Templates and Orchestration
Heat uses the Heat Orchestration Template (HOT) language and supports translation from AWS CloudFormation templates to HOT constructs to facilitate migration from Amazon Web Services (AWS). HOT templates describe resources, parameters, outputs, and nested stacks to model complex deployments, enabling patterns used by enterprises like Bloomberg L.P., Goldman Sachs, and JPMorgan Chase to codify infrastructure. Heat templates can reference OpenStack Swift objects, launch Nova (OpenStack Compute) instances from Glance (OpenStack Image Service) images, attach Cinder (OpenStack Block Storage) volumes, and configure Neutron (OpenStack Networking) ports and routers. Orchestration workflows leverage dependency graphs similar to those in Apache Airflow DAGs, and can integrate with configuration management systems such as Ansible, Chef, Puppet, and SaltStack.
Deployment and Use Cases
Heat is deployed in private cloud environments by organizations across sectors including Verizon Communications, Deutsche Telekom, AT&T, and BT Group for NFV and VNF lifecycle management, as well as in research outputs at institutions like CERN and European Organization for Nuclear Research. Use cases include automated multi-tier application stacks for SAP SE deployments, continuous delivery pipelines for GitLab and Jenkins-driven workflows, and edge-cloud orchestration for OpenEdge and Telecom Infra Project initiatives.
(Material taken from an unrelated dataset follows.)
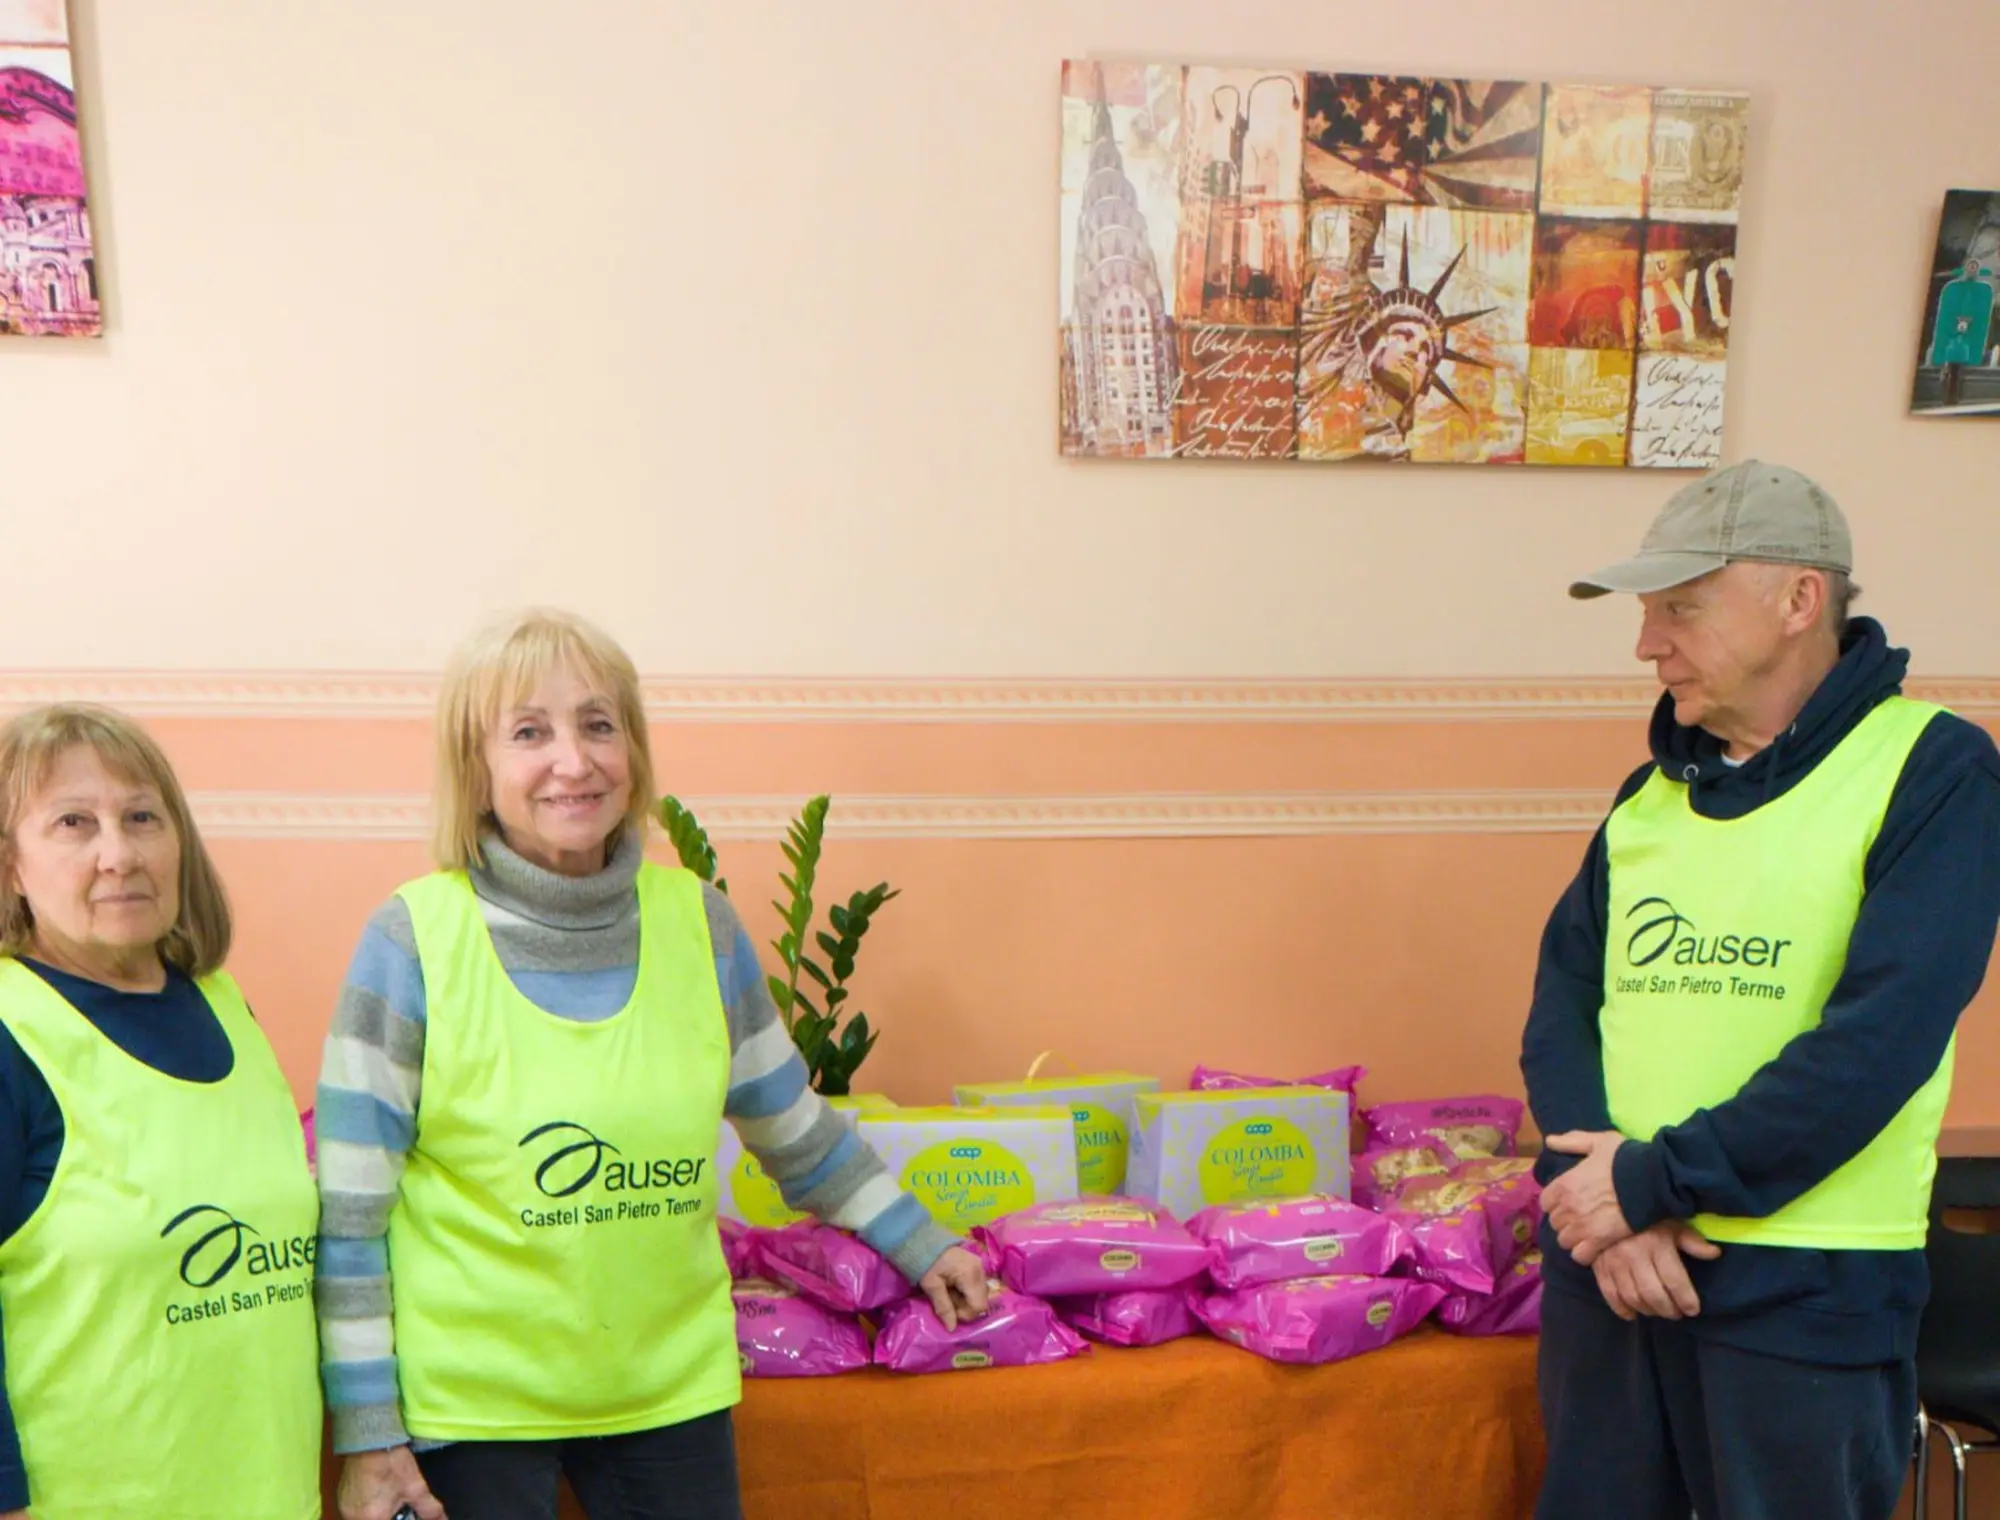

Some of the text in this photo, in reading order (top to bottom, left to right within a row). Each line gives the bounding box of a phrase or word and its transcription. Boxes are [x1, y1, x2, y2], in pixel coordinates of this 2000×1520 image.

Operators deploy Heat in high-availability configurations on platforms such as Red Hat Enterprise Linux, Ubuntu (operating system), and SUSE Linux Enterprise Server, often integrating with Ceph for backend storage and Kolla or Kolla-Ansible for containerized OpenStack deployments.
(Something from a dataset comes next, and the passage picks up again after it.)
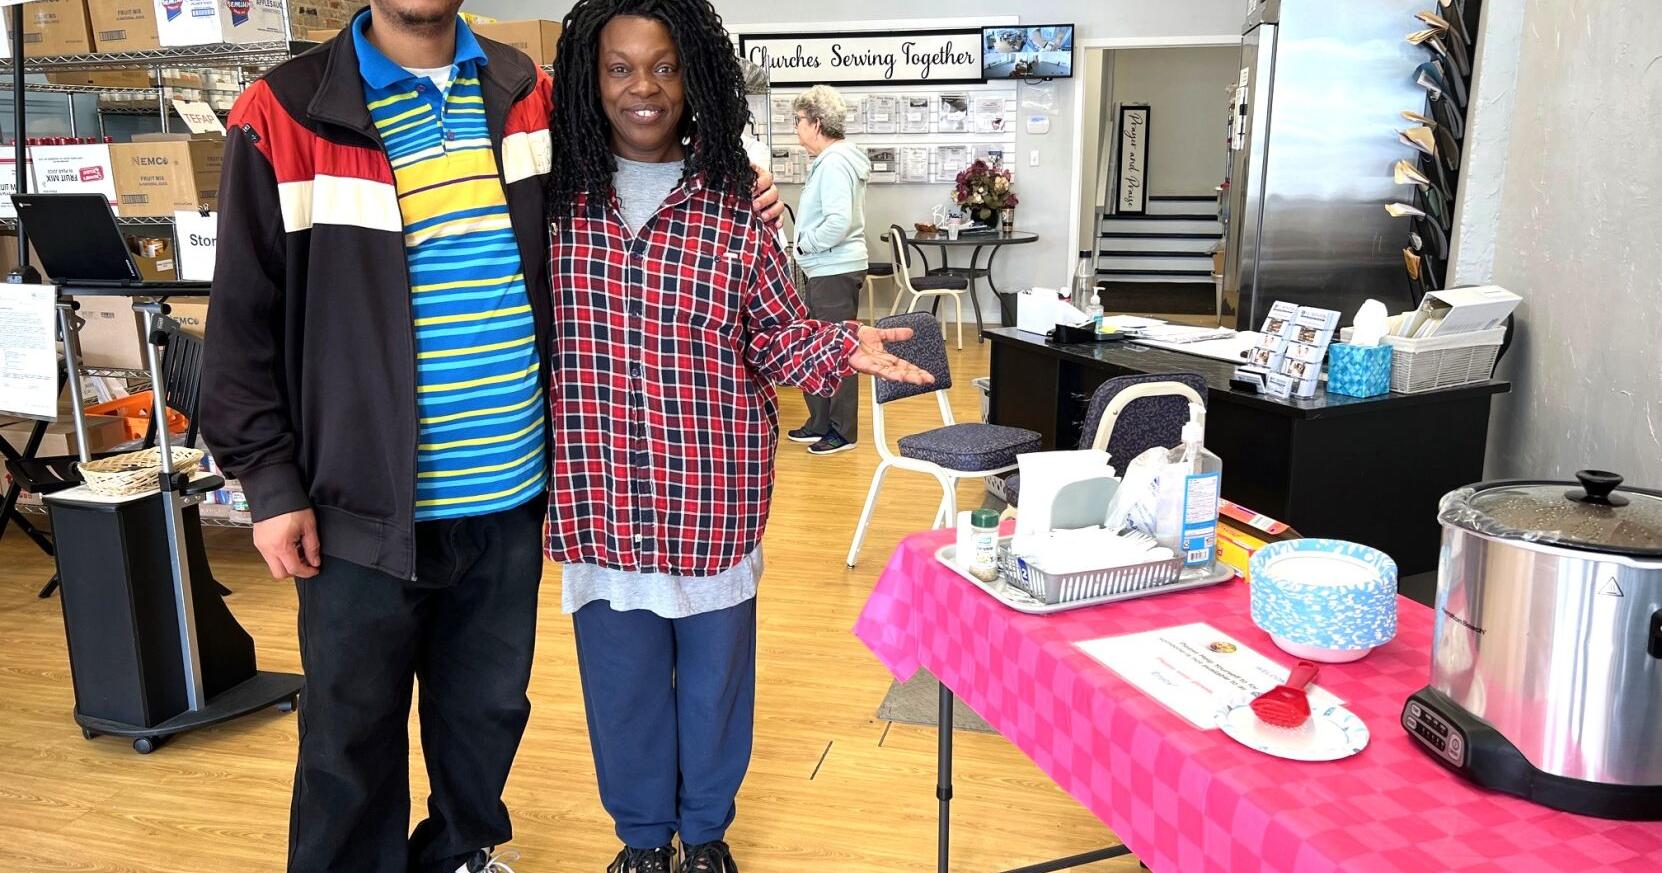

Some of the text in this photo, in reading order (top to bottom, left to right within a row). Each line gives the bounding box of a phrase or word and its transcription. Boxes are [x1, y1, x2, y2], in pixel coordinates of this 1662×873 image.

[750, 41, 976, 80] Churches Serving Together
[182, 113, 215, 124] TEFAP
[1122, 112, 1143, 208] Prayer and Praise
[189, 233, 217, 247] Stor
Security and Multi-tenancy
Heat leverages Keystone (OpenStack Identity) for multi-tenant authentication, role-based access control, and scoped tokens, aligning with security practices advocated by organizations such as NIST and compliance frameworks like SOC 2 and ISO/IEC 27001. Secrets and sensitive data can be managed through integrations with Barbican (OpenStack Key Manager) or external systems such as HashiCorp Vault and secure HSM solutions from Thales and Entrust. Heat enforces resource isolation through project-scoped stacks and policies that interoperate with Neutron (OpenStack Networking) tenant networks and Ironic (OpenStack Bare Metal) allocation policies, and it supports auditing via OpenStack Telemetry and third-party SIEM products deployed by entities like Splunk and Elastic N.V..
Development and Ecosystem Integration
Heat development follows the OpenStack release cycle with contributions from a wide community including OpenStack Foundation, corporate contributors like Red Hat, IBM, Huawei, and independent developers engaged through Gerrit and Launchpad workflows. Integration points include Horizon (OpenStack Dashboard) UI plugins, SDKs such as python-openstackclient, and CI pipelines running on Zuul and Jenkins. The ecosystem includes template repositories, upstream collaborations with projects like Mistral (OpenStack Workflow), Senlin (OpenStack Clustering), and third-party tools from vendors like Mirantis and Canonical (company), while academic research from institutions like MIT, Stanford University, and University of California, Berkeley has examined Heat for reproducible infrastructure research. Developers use languages and tools such as Python (programming language), SQLAlchemy, and SQL backends when extending Heat resource plugins and writing integration tests.